Leaving the pictures aside, reproduce the data in full and word for word.

** Data extracts follows **

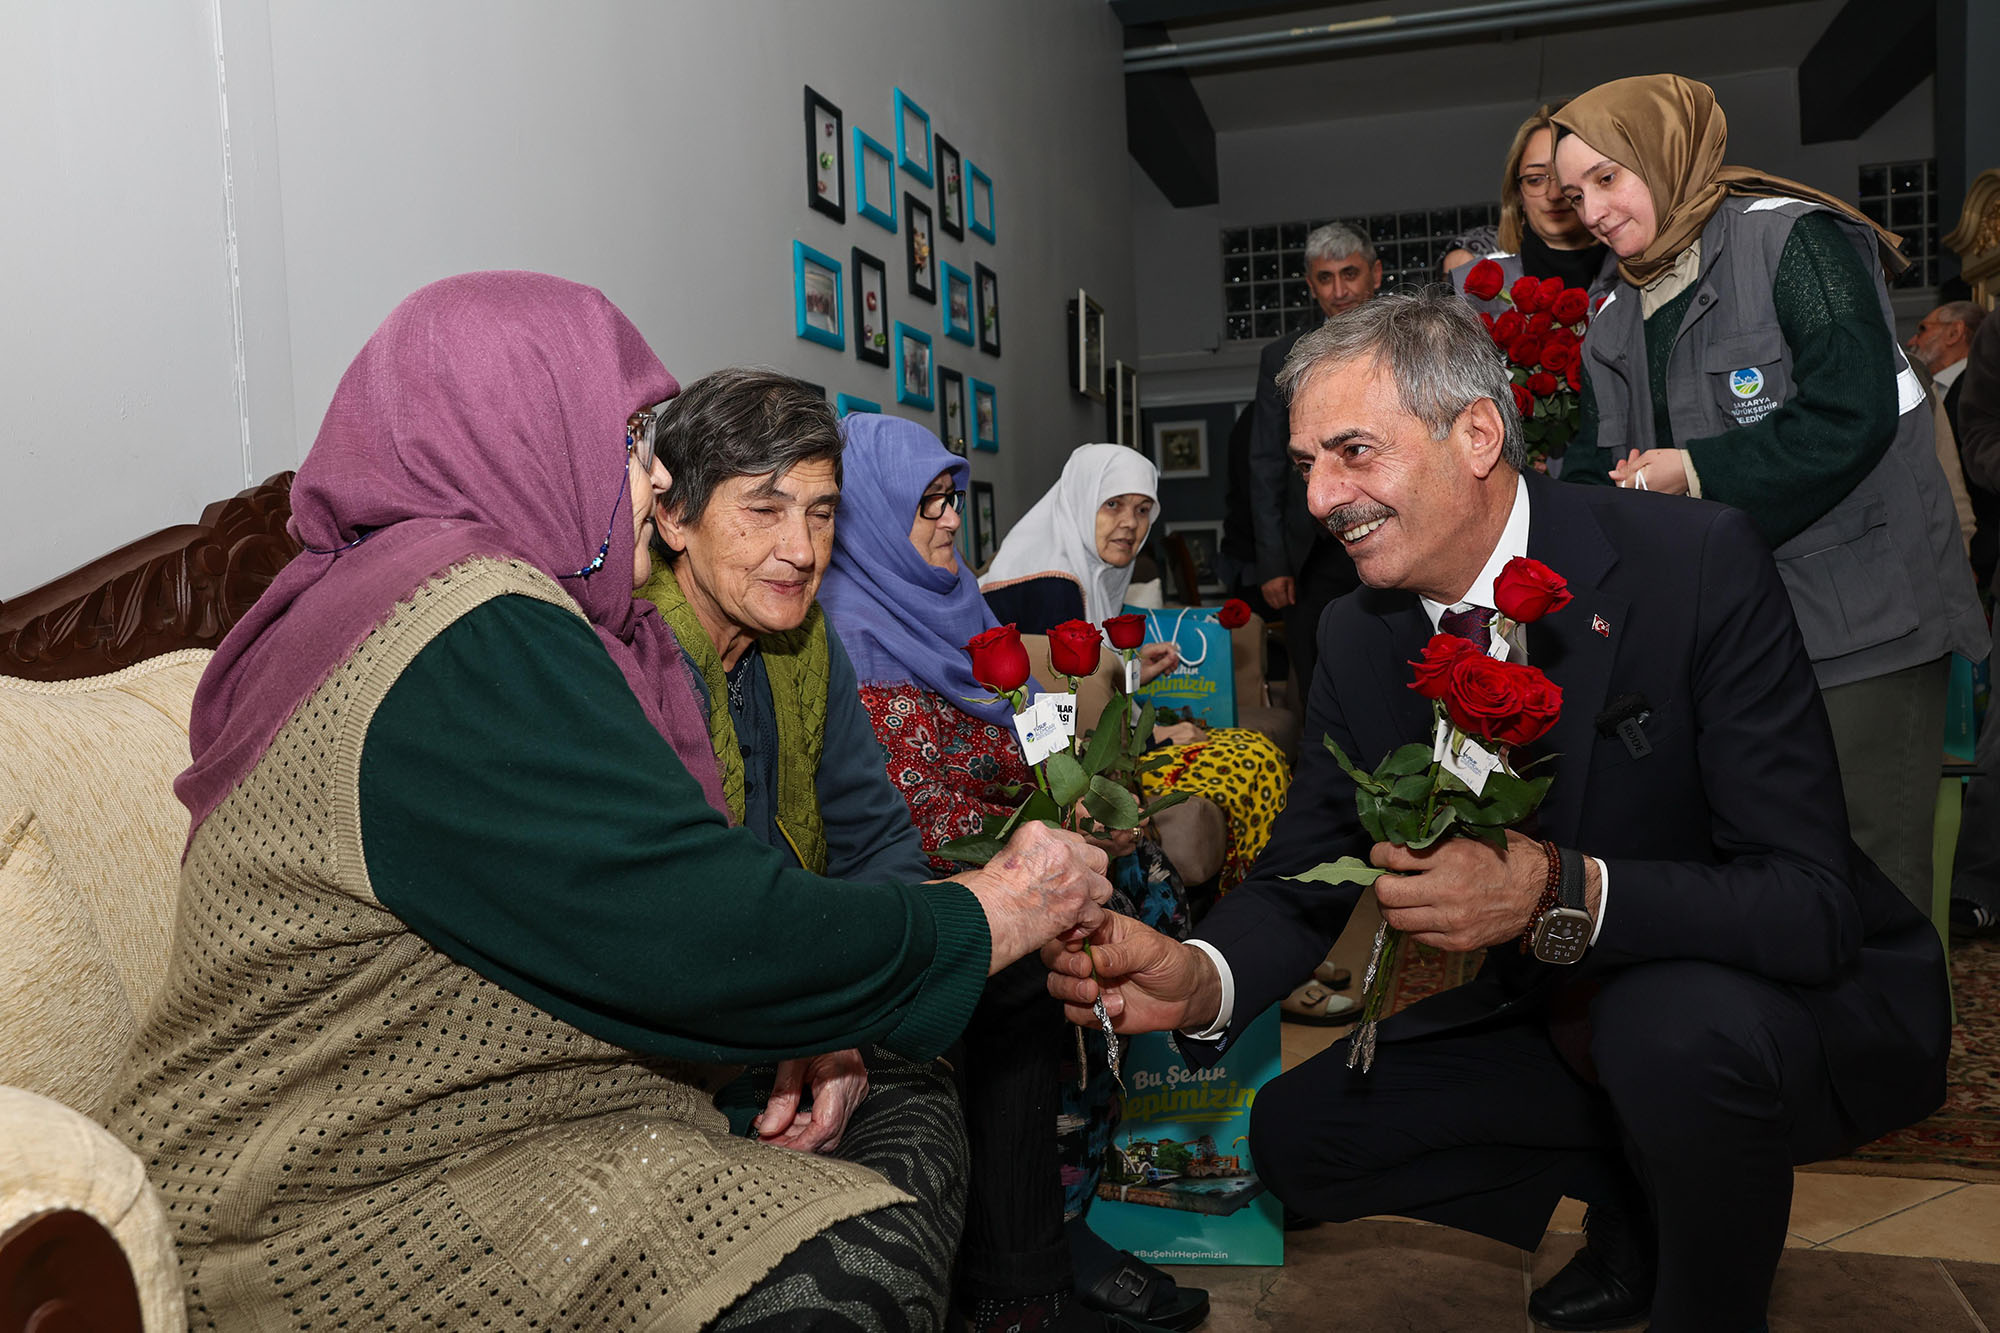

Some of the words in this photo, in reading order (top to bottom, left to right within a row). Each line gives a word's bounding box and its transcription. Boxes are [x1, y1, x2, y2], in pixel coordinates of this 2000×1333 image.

[1055, 704, 1073, 713] ILAR
[1132, 1069, 1162, 1090] Bu
[1133, 1249, 1228, 1259] #BuŞehirHepimizin
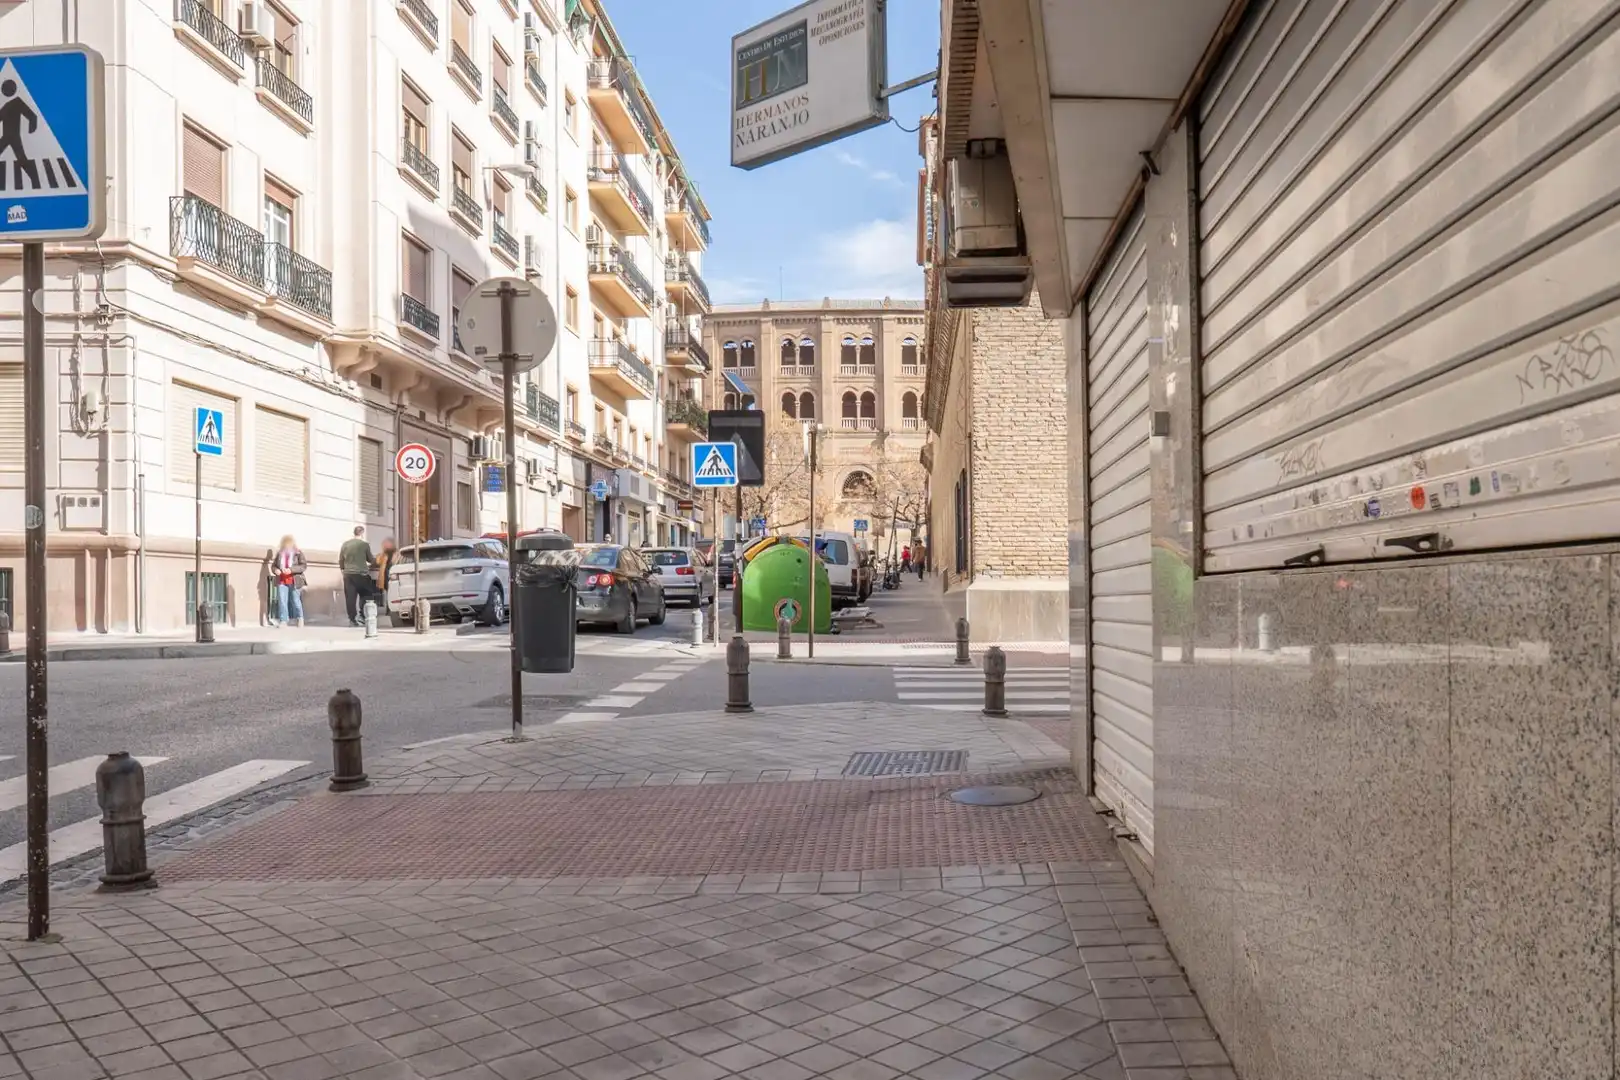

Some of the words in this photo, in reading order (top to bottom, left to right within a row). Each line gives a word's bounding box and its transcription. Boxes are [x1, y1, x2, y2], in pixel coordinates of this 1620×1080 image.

** End of Data extracts **

§ **Result**
Some of the words in this photo, in reading order (top to bottom, left to right within a row). Each line gives a word's bounding box and its transcription. Boxes are [x1, y1, x2, y2], in pixel coordinates of this 2000×1333 image.

[1055, 704, 1073, 713] ILAR
[1132, 1069, 1162, 1090] Bu
[1133, 1249, 1228, 1259] #BuŞehirHepimizin

Some of the words in this photo, in reading order (top to bottom, left to right within a row). Each line gives a word's bounding box and its transcription. Boxes are [x1, y1, x2, y2], in pixel coordinates of this 1620×1080 image.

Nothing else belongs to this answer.